■ **WHAT THE EXERCISE ASKS**:
Output the records that follow, keeping every line exactly as it is.

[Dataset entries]
..........

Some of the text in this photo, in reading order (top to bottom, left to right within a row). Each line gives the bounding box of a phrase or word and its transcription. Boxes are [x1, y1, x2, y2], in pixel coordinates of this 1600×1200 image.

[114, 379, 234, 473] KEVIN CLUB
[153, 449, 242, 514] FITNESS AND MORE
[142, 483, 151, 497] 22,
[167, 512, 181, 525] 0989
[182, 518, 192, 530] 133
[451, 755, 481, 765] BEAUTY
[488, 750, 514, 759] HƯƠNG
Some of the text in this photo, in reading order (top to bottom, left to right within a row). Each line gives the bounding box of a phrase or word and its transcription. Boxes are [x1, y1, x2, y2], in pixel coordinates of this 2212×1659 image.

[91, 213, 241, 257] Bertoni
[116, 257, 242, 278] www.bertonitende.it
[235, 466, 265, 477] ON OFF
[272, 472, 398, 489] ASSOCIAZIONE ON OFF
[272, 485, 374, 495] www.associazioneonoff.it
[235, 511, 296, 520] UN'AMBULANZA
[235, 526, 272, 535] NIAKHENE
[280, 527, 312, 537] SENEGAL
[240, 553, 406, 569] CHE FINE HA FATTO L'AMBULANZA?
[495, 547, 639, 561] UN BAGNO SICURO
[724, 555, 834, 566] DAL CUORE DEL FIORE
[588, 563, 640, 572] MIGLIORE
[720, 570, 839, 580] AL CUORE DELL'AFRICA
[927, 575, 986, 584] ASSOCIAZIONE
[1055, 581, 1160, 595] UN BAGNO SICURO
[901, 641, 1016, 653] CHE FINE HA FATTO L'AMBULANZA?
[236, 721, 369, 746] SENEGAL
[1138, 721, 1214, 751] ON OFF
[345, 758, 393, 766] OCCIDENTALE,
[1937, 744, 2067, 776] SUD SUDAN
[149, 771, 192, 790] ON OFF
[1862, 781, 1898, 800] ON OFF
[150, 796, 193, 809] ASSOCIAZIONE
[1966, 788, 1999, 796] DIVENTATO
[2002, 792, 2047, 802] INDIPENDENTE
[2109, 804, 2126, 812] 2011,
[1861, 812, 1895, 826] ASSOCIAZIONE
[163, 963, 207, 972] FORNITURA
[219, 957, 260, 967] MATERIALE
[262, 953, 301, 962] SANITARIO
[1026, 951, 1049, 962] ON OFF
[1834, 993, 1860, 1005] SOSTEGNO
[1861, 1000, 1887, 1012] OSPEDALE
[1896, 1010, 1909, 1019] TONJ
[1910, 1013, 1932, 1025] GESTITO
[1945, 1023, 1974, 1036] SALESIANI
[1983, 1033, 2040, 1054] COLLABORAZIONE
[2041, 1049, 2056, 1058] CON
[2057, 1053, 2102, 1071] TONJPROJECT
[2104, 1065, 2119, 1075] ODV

..........

■ **RESULT FOR THIS TASK**:
Some of the text in this photo, in reading order (top to bottom, left to right within a row). Each line gives the bounding box of a phrase or word and its transcription. Boxes are [x1, y1, x2, y2], in pixel coordinates of this 1600×1200 image.

[114, 379, 234, 473] KEVIN CLUB
[153, 449, 242, 514] FITNESS AND MORE
[142, 483, 151, 497] 22,
[167, 512, 181, 525] 0989
[182, 518, 192, 530] 133
[451, 755, 481, 765] BEAUTY
[488, 750, 514, 759] HƯƠNG
Some of the text in this photo, in reading order (top to bottom, left to right within a row). Each line gives the bounding box of a phrase or word and its transcription. Boxes are [x1, y1, x2, y2], in pixel coordinates of this 2212×1659 image.

[91, 213, 241, 257] Bertoni
[116, 257, 242, 278] www.bertonitende.it
[235, 466, 265, 477] ON OFF
[272, 472, 398, 489] ASSOCIAZIONE ON OFF
[272, 485, 374, 495] www.associazioneonoff.it
[235, 511, 296, 520] UN'AMBULANZA
[235, 526, 272, 535] NIAKHENE
[280, 527, 312, 537] SENEGAL
[240, 553, 406, 569] CHE FINE HA FATTO L'AMBULANZA?
[495, 547, 639, 561] UN BAGNO SICURO
[724, 555, 834, 566] DAL CUORE DEL FIORE
[588, 563, 640, 572] MIGLIORE
[720, 570, 839, 580] AL CUORE DELL'AFRICA
[927, 575, 986, 584] ASSOCIAZIONE
[1055, 581, 1160, 595] UN BAGNO SICURO
[901, 641, 1016, 653] CHE FINE HA FATTO L'AMBULANZA?
[236, 721, 369, 746] SENEGAL
[1138, 721, 1214, 751] ON OFF
[345, 758, 393, 766] OCCIDENTALE,
[1937, 744, 2067, 776] SUD SUDAN
[149, 771, 192, 790] ON OFF
[1862, 781, 1898, 800] ON OFF
[150, 796, 193, 809] ASSOCIAZIONE
[1966, 788, 1999, 796] DIVENTATO
[2002, 792, 2047, 802] INDIPENDENTE
[2109, 804, 2126, 812] 2011,
[1861, 812, 1895, 826] ASSOCIAZIONE
[163, 963, 207, 972] FORNITURA
[219, 957, 260, 967] MATERIALE
[262, 953, 301, 962] SANITARIO
[1026, 951, 1049, 962] ON OFF
[1834, 993, 1860, 1005] SOSTEGNO
[1861, 1000, 1887, 1012] OSPEDALE
[1896, 1010, 1909, 1019] TONJ
[1910, 1013, 1932, 1025] GESTITO
[1945, 1023, 1974, 1036] SALESIANI
[1983, 1033, 2040, 1054] COLLABORAZIONE
[2041, 1049, 2056, 1058] CON
[2057, 1053, 2102, 1071] TONJPROJECT
[2104, 1065, 2119, 1075] ODV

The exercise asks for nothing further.